Exercise inputs ::
◆ ◆ ◆ ◆ ◆
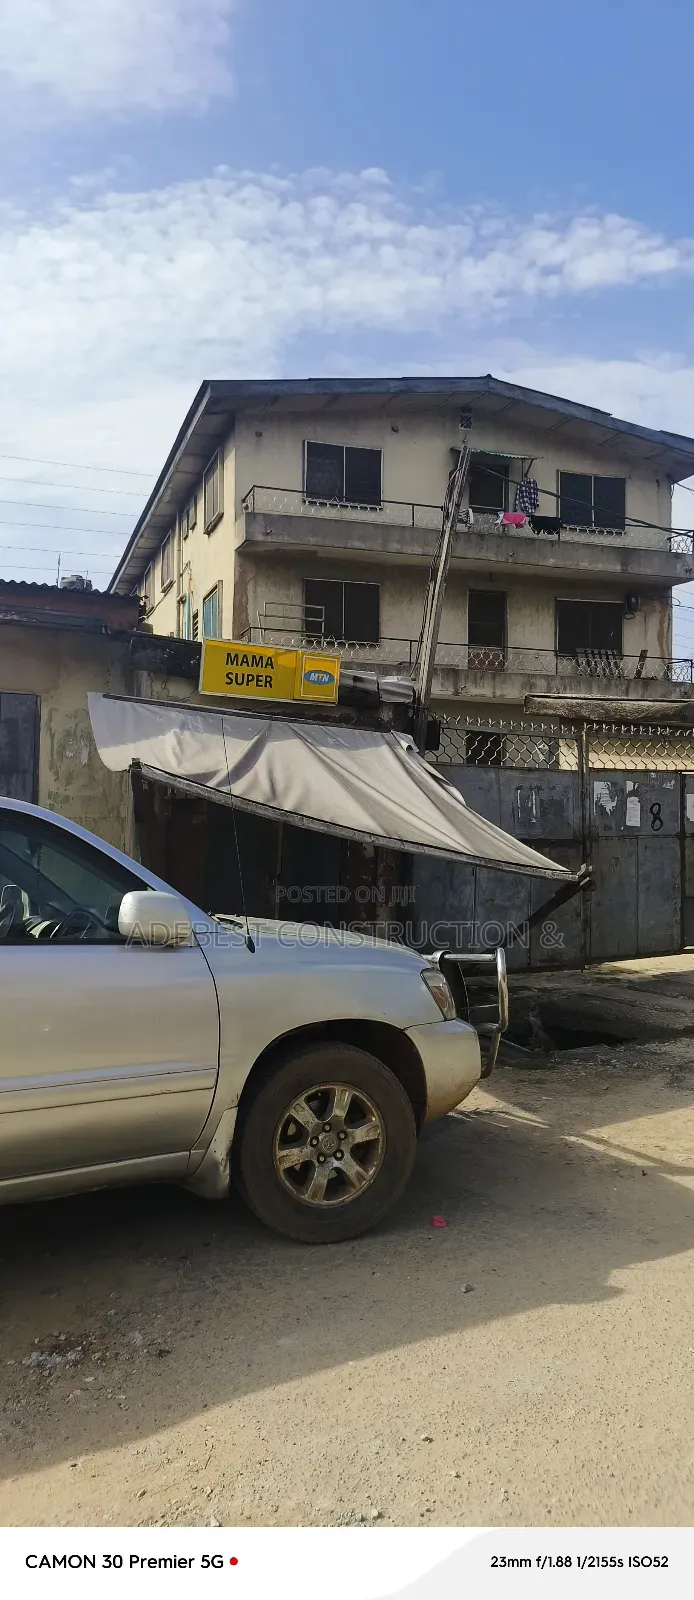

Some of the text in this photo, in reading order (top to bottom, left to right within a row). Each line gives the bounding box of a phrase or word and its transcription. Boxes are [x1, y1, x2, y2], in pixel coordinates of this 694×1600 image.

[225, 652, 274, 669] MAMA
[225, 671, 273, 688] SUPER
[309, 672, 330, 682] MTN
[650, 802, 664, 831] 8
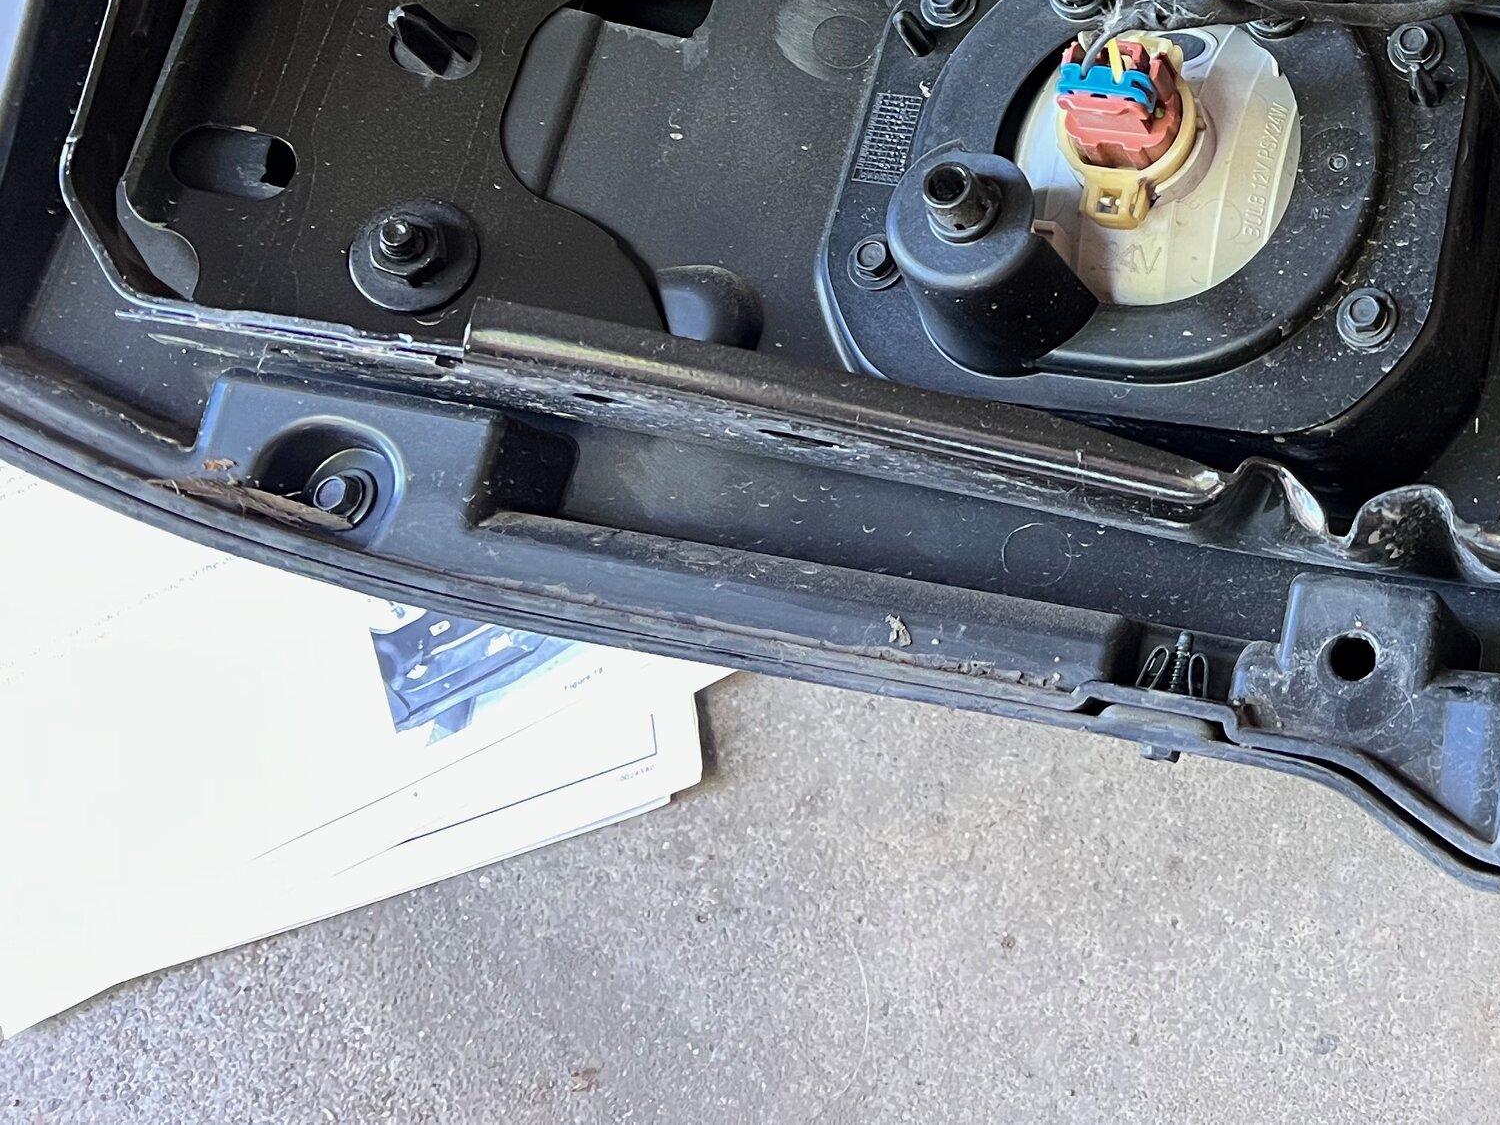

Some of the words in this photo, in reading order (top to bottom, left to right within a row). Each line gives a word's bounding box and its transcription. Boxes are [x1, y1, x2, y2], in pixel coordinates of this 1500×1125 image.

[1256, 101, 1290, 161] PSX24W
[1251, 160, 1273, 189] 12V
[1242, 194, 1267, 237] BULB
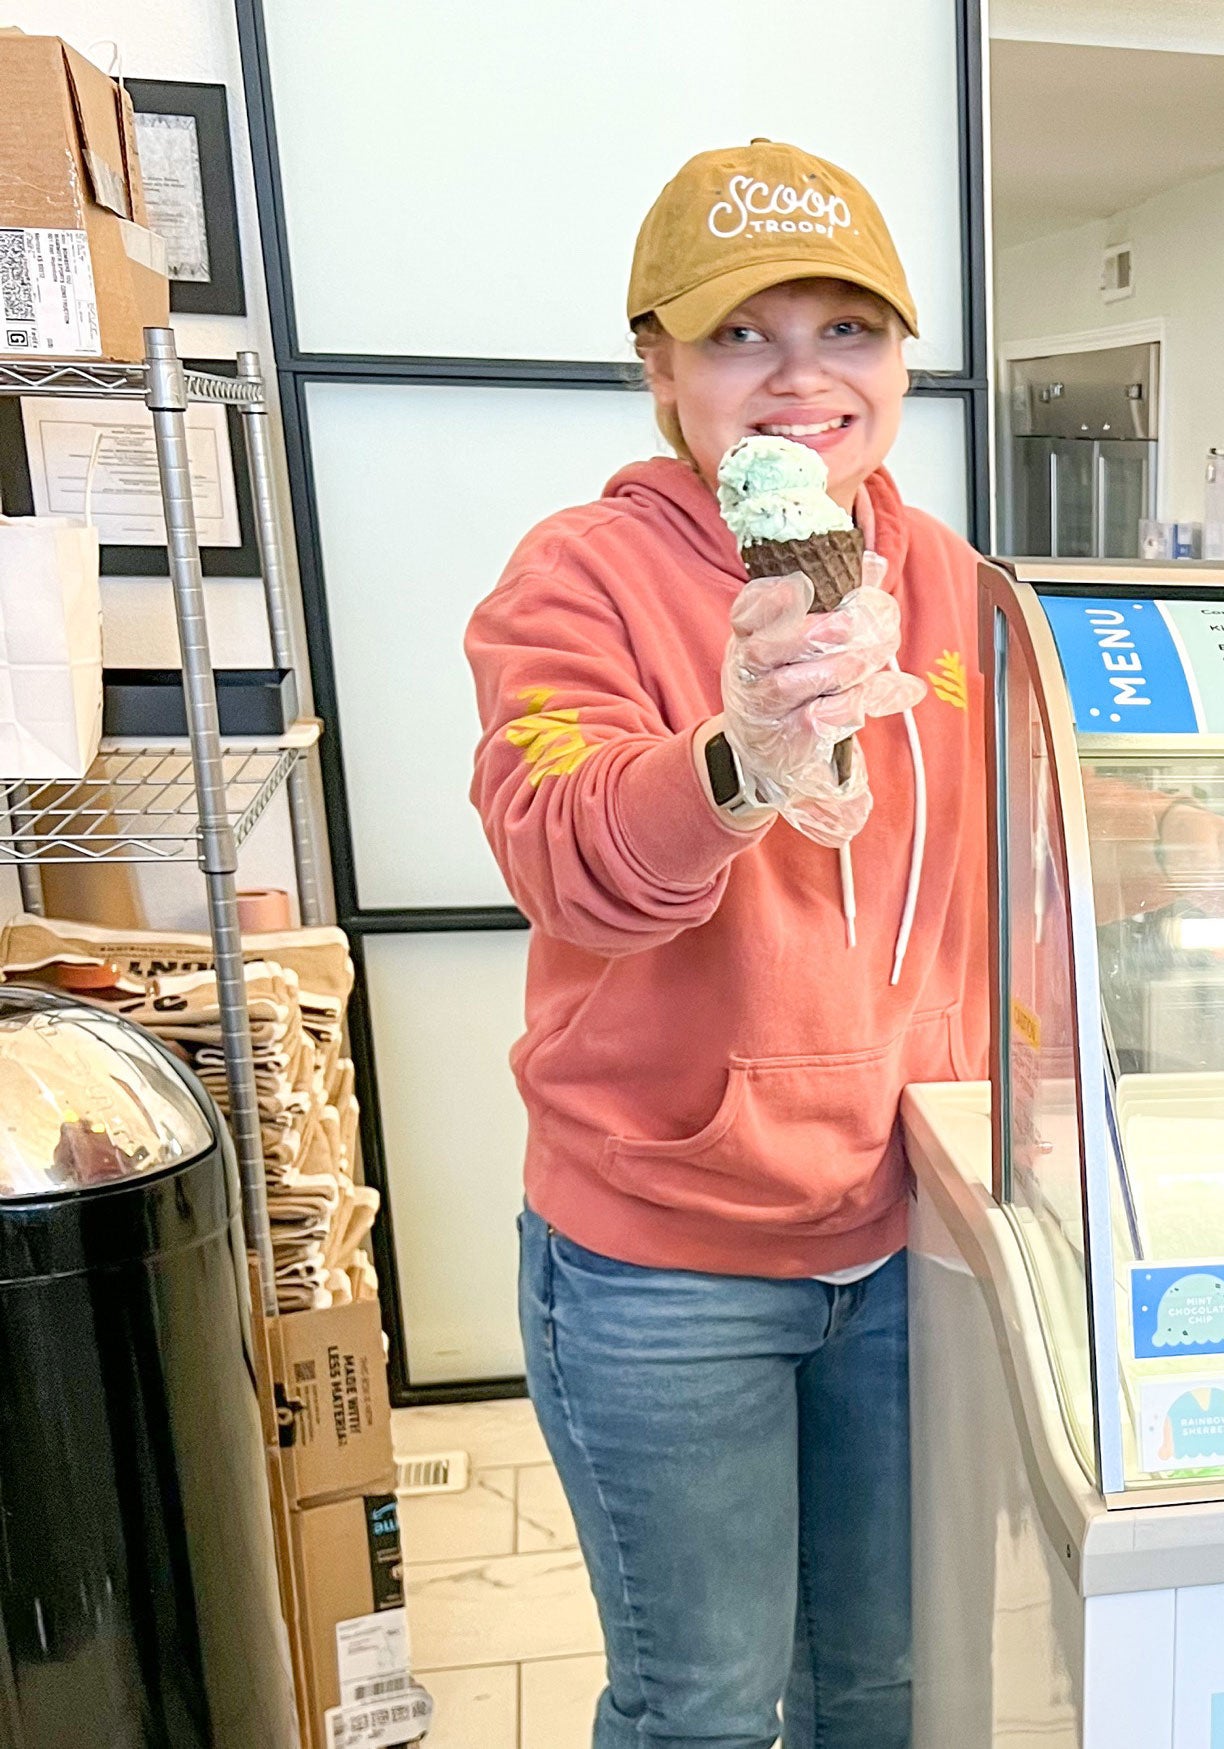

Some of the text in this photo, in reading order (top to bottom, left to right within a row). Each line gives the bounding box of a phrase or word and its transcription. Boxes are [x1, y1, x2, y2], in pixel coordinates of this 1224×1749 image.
◆ ◆ ◆ ◆ ◆
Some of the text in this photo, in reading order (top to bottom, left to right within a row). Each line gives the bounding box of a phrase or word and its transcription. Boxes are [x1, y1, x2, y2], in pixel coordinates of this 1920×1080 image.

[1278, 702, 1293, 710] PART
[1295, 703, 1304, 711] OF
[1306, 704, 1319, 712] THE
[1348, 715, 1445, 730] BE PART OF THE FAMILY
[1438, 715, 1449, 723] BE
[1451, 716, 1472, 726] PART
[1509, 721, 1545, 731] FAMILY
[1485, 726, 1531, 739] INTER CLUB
◆ ◆ ◆ ◆ ◆
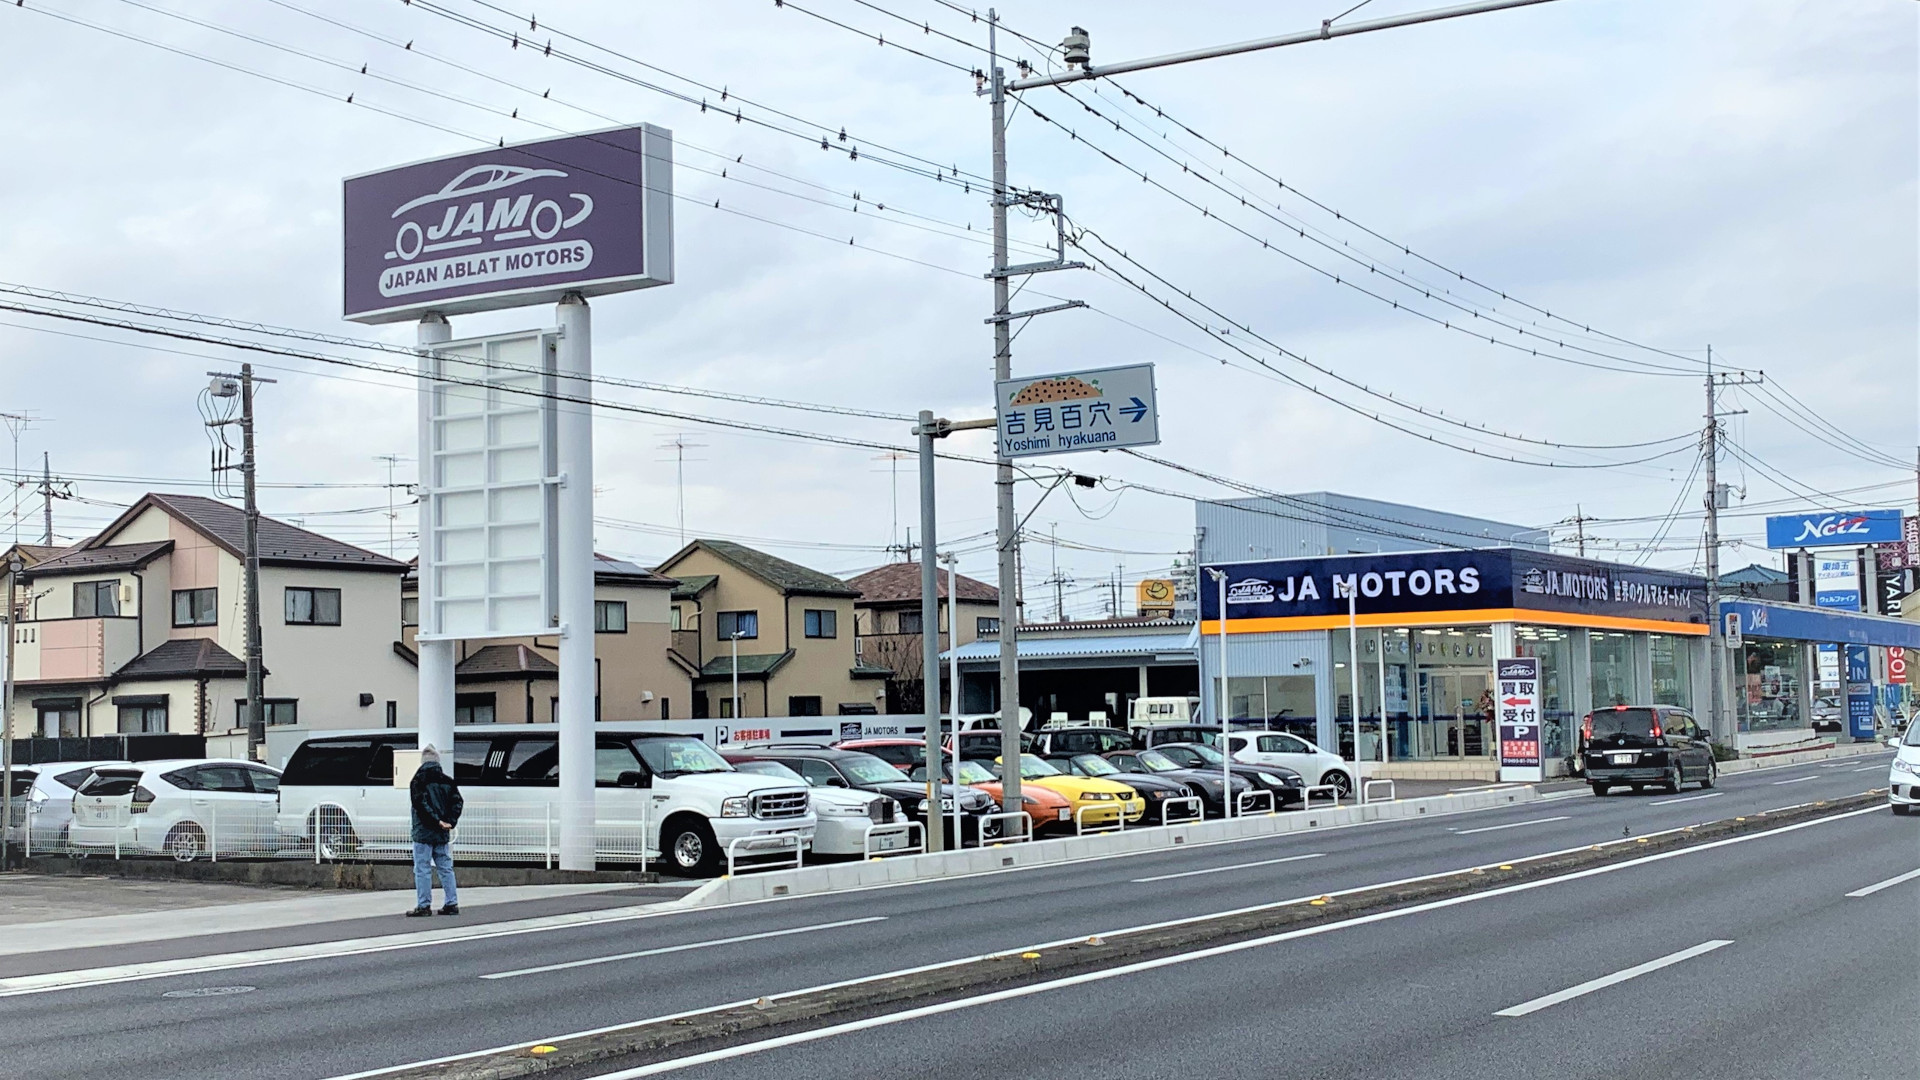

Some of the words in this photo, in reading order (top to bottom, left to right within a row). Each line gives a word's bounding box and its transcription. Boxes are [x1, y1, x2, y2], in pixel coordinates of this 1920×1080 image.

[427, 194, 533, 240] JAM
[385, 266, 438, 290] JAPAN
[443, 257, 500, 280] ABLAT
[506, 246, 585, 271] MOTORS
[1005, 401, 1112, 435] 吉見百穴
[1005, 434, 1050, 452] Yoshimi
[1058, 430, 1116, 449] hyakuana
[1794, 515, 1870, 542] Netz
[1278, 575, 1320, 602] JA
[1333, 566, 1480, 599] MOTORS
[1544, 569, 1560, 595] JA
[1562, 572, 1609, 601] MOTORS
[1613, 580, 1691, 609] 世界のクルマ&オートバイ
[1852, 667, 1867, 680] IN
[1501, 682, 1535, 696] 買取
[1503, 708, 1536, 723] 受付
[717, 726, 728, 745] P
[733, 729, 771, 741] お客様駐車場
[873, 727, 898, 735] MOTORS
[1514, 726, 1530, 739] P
◆ ◆ ◆ ◆ ◆
Aim of the exercise :: Look above for the line with "this 694×1600 image." and the line with "this 1224×1749 image.". Give again exactly those two lines and all lines between them, pictures excluded.

Solution to this problem ::
Some of the text in this photo, in reading order (top to bottom, left to right within a row). Each line gives the bounding box of a phrase or word and its transcription. Boxes are [x1, y1, x2, y2], in pixel coordinates of this 694×1600 image.

[225, 652, 274, 669] MAMA
[225, 671, 273, 688] SUPER
[309, 672, 330, 682] MTN
[650, 802, 664, 831] 8

Some of the words in this photo, in reading order (top to bottom, left to right within a row). Each line gives a word's bounding box and its transcription. Boxes are [x1, y1, x2, y2], in pixel coordinates of this 1500×1125 image.

[1256, 101, 1290, 161] PSX24W
[1251, 160, 1273, 189] 12V
[1242, 194, 1267, 237] BULB

Some of the text in this photo, in reading order (top to bottom, left to right within a row). Each line gives the bounding box of a phrase or word and its transcription. Boxes are [x1, y1, x2, y2], in pixel coordinates of this 1224×1749 image.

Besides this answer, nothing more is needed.